The backs of the audience, pressed against chairs. I’m waiting for the empty.

Walking on the stage the audience adjusts to our wigs, our legs, our frumpy sex affect leaning in towards them.

RMW (A)

a space

I start to dance following the quick adjustments of being seen. Leaning into DD’s watching, making something for her, abrasive, hitting back what the audience sees.

You are my cipher, my love, my cook, my combatant, my advisor, my bed, my protagonist. I am your heat, your smell, your eyes, your interpreter.

The timer goes off. You join me, take my stance, my move, myself and move it on. I watch you titillate, swivel, arch an eyebrow and a lip, become more beautiful, become me, become unholy. I’m seduced.

The timer goes off I tread across the space to you. Fill you, imagine you, and head off.

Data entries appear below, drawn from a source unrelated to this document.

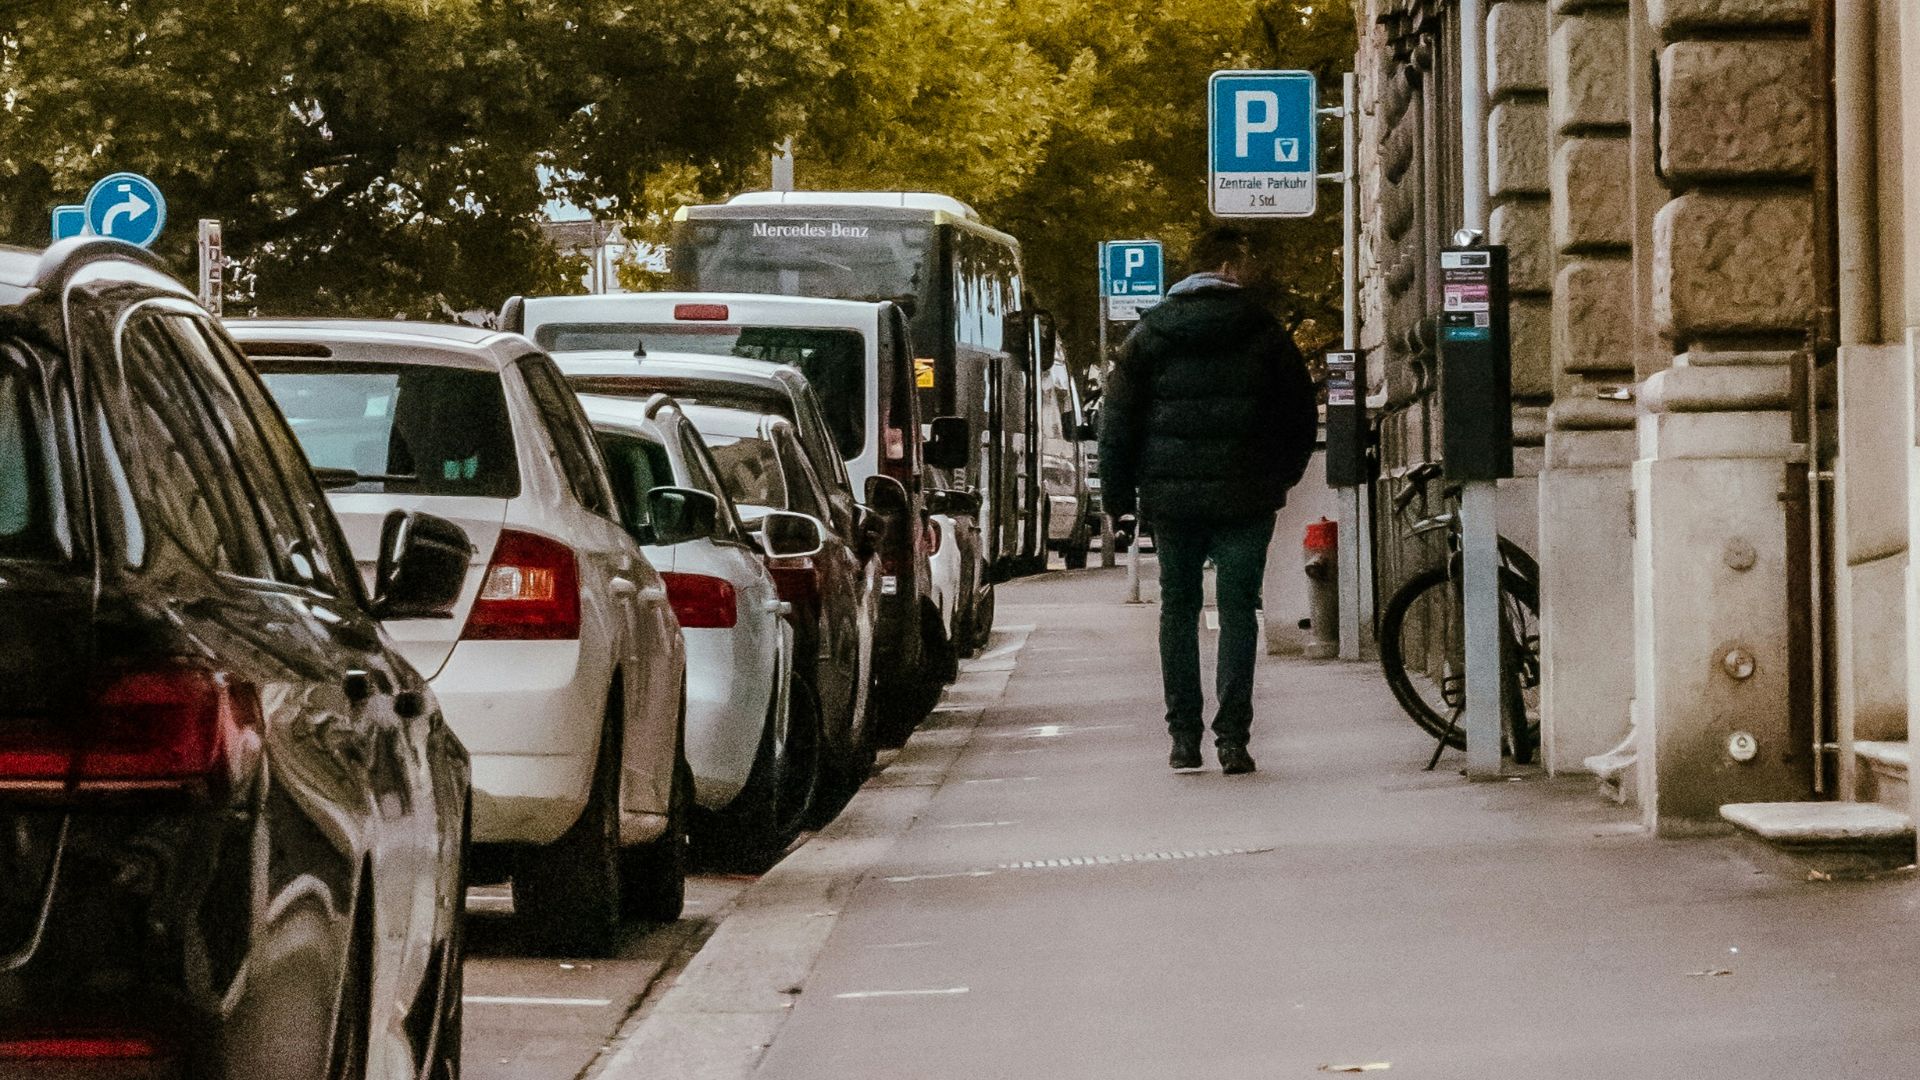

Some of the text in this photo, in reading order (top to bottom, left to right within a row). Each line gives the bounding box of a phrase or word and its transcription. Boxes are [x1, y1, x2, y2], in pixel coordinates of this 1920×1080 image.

[1235, 90, 1279, 158] P
[1219, 176, 1308, 189] Zentrale Parkuhr
[1250, 194, 1278, 207] 2 Std.
[752, 222, 870, 239] Mercedes-Benz
[1124, 248, 1145, 278] P
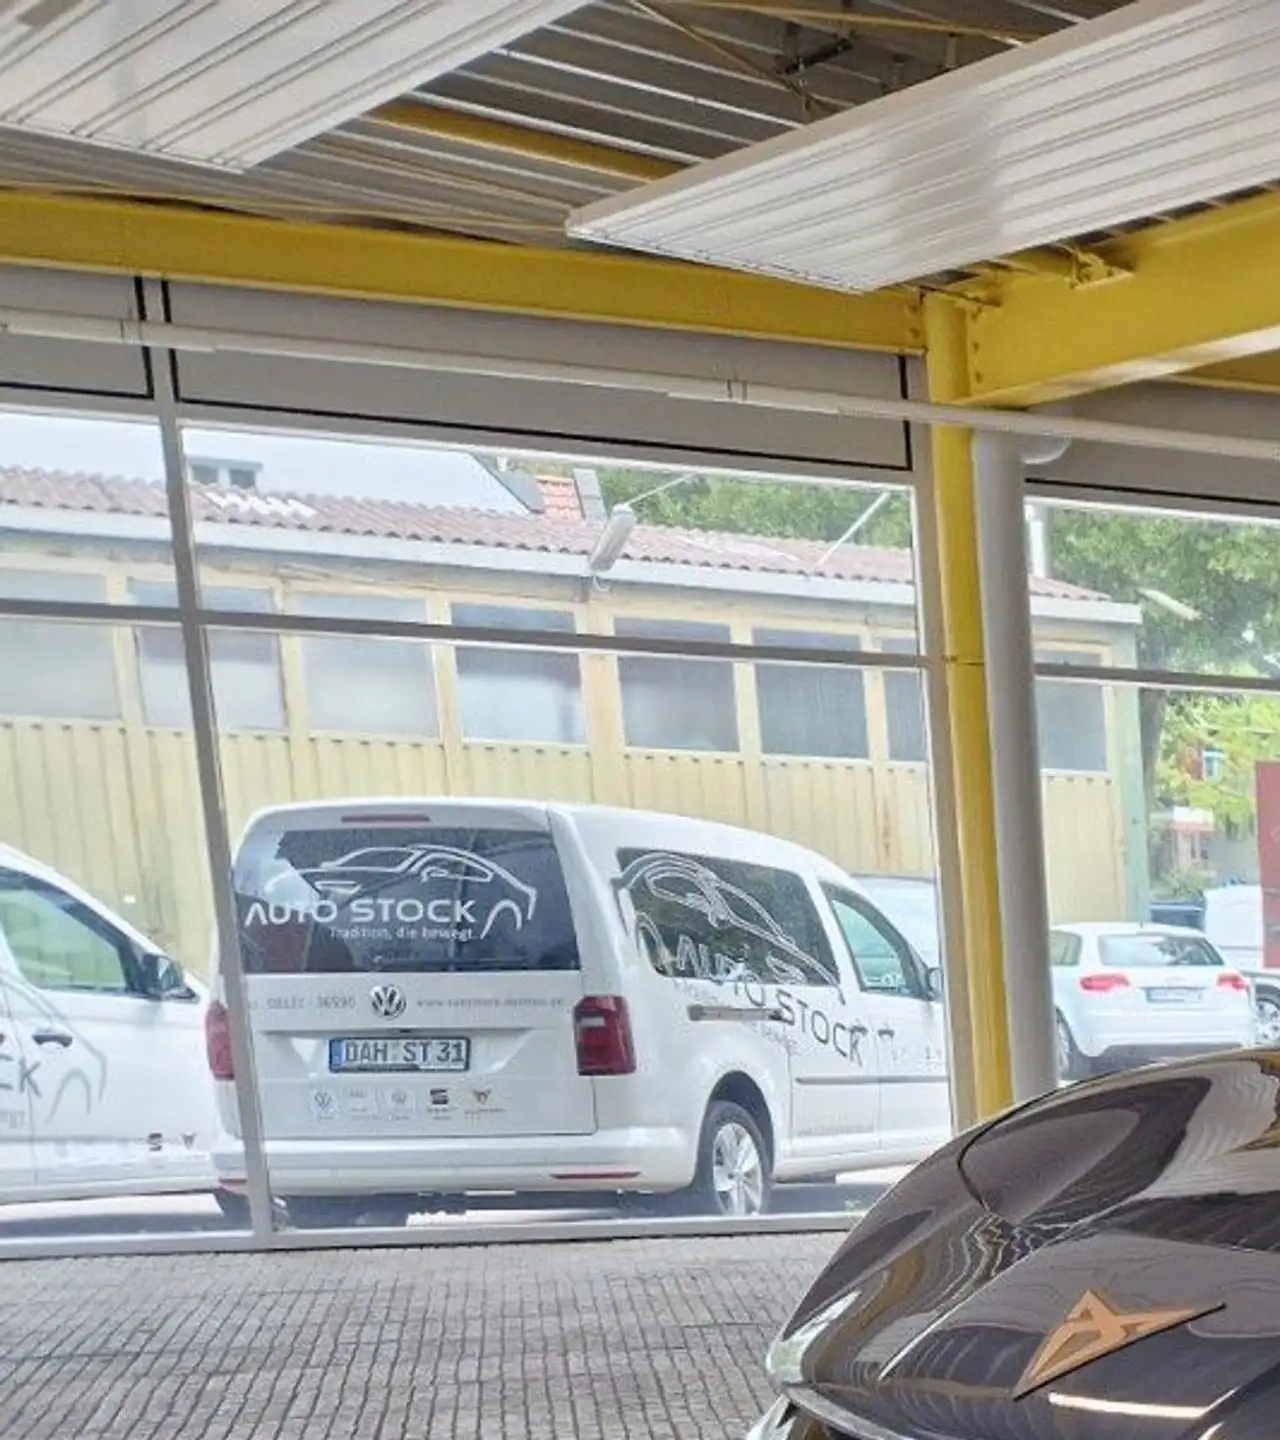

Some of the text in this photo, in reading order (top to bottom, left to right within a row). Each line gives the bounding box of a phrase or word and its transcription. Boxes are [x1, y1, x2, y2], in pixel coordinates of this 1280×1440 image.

[244, 898, 477, 926] AUTO STOCK
[345, 1041, 465, 1063] DAH ST 31
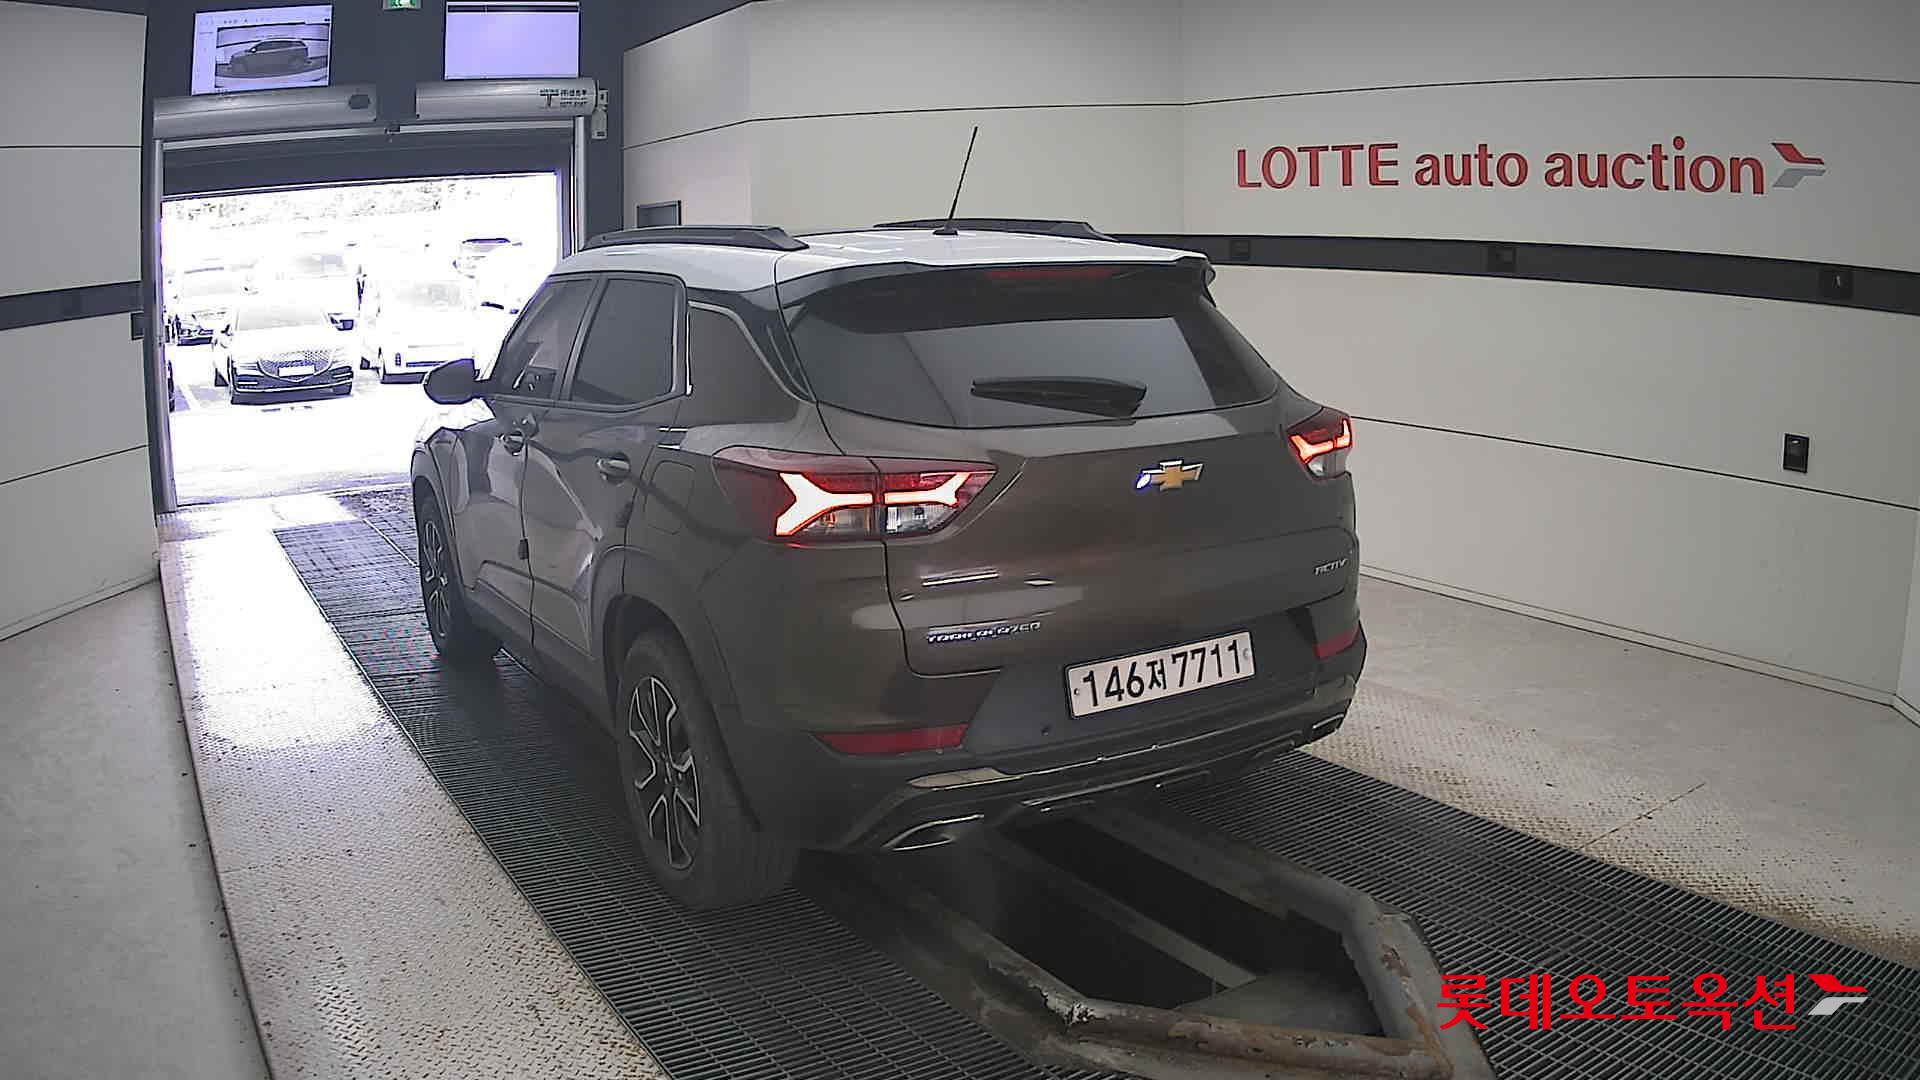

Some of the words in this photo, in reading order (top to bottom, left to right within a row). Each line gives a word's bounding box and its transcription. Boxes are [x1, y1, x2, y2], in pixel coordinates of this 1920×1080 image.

[1236, 142, 1400, 189] LOTTE
[1414, 143, 1529, 187] auto
[1544, 135, 1766, 195] auction
[1082, 638, 1242, 707] 146저7711
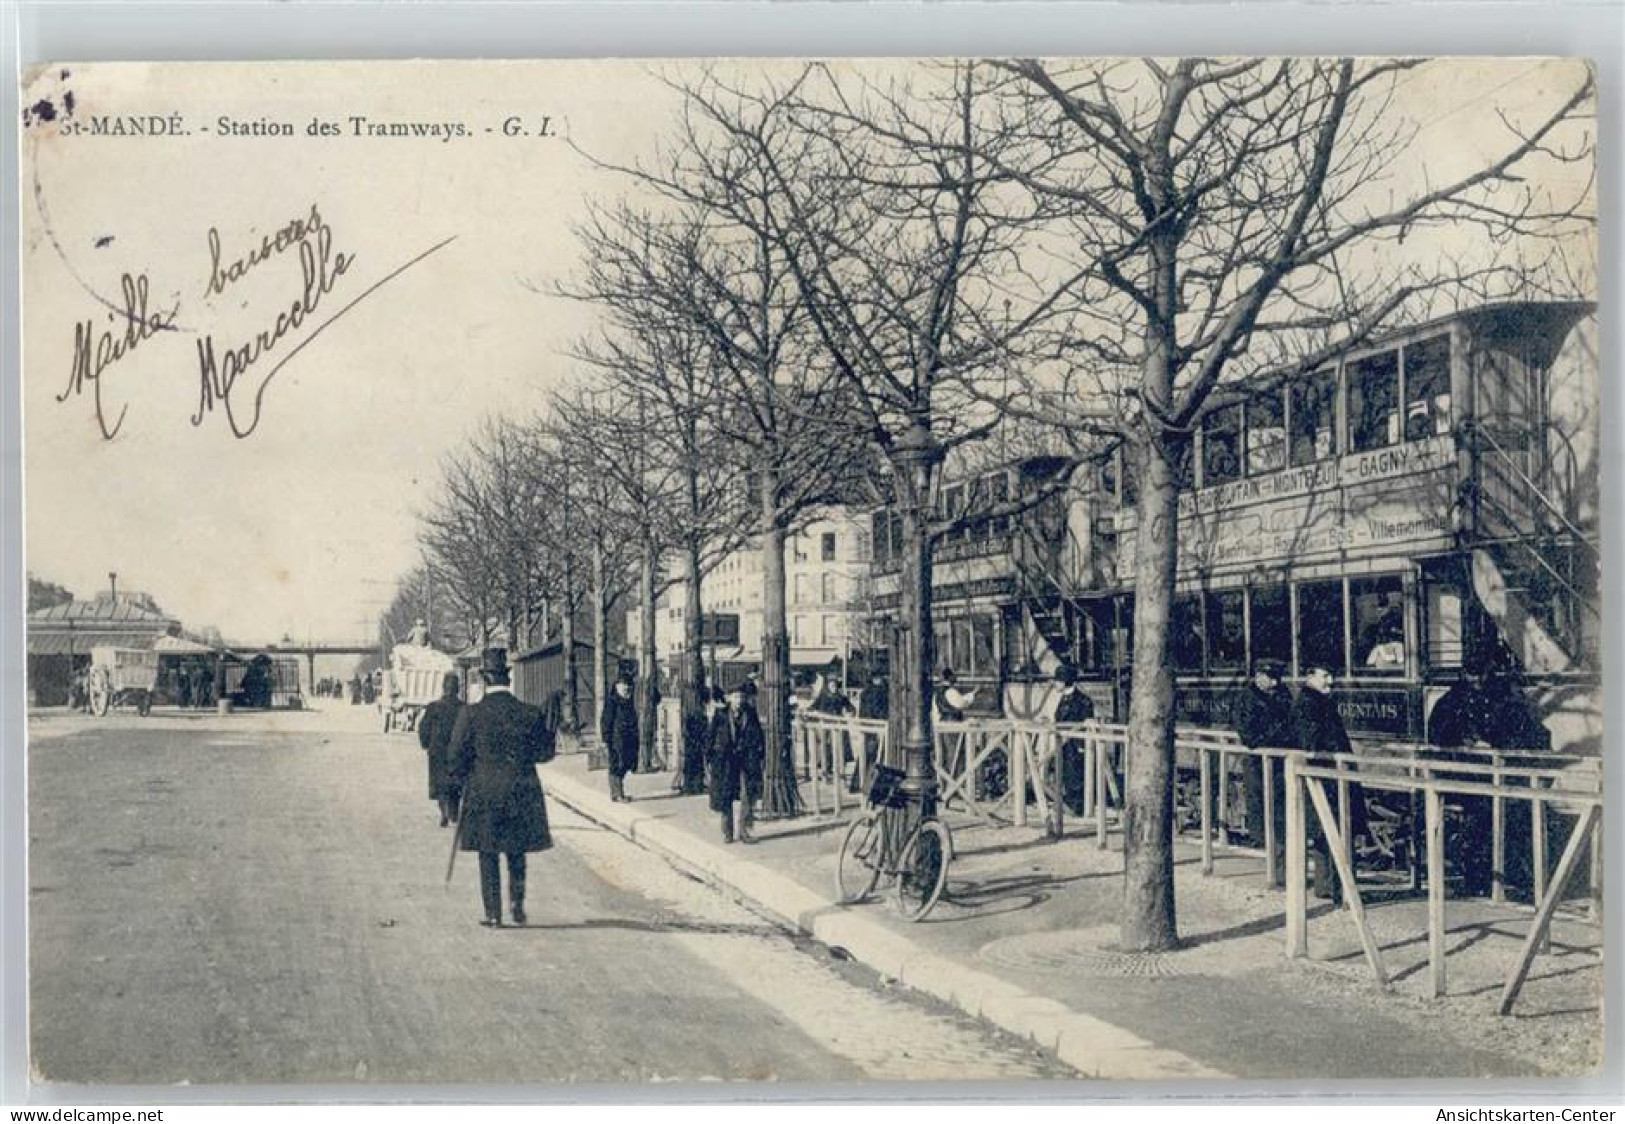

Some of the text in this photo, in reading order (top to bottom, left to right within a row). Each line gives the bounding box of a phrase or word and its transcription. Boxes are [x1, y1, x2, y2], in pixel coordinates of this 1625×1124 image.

[217, 116, 295, 136] Station
[306, 117, 341, 137] des
[348, 116, 473, 143] Tramways.
[502, 116, 529, 137] G.
[538, 116, 557, 137] I.
[191, 224, 357, 438] Marcelle
[1359, 448, 1410, 478] GAGNY

another space exterior (the audience) –

I look at as many of you as I can. Look you in the eye. You are hot, I want you, I will have you, I want to be on you, in you. Fuck you hard, and then I’m turning. Face, turn face, face up, face down, face in DD’s ass. Hair slapping her ass cheeks. I’m on my knees. She has always allowed me to beg. She is the empire state building, a vast dark lake, my ripple, a quiet sound from underneath, hunting me on.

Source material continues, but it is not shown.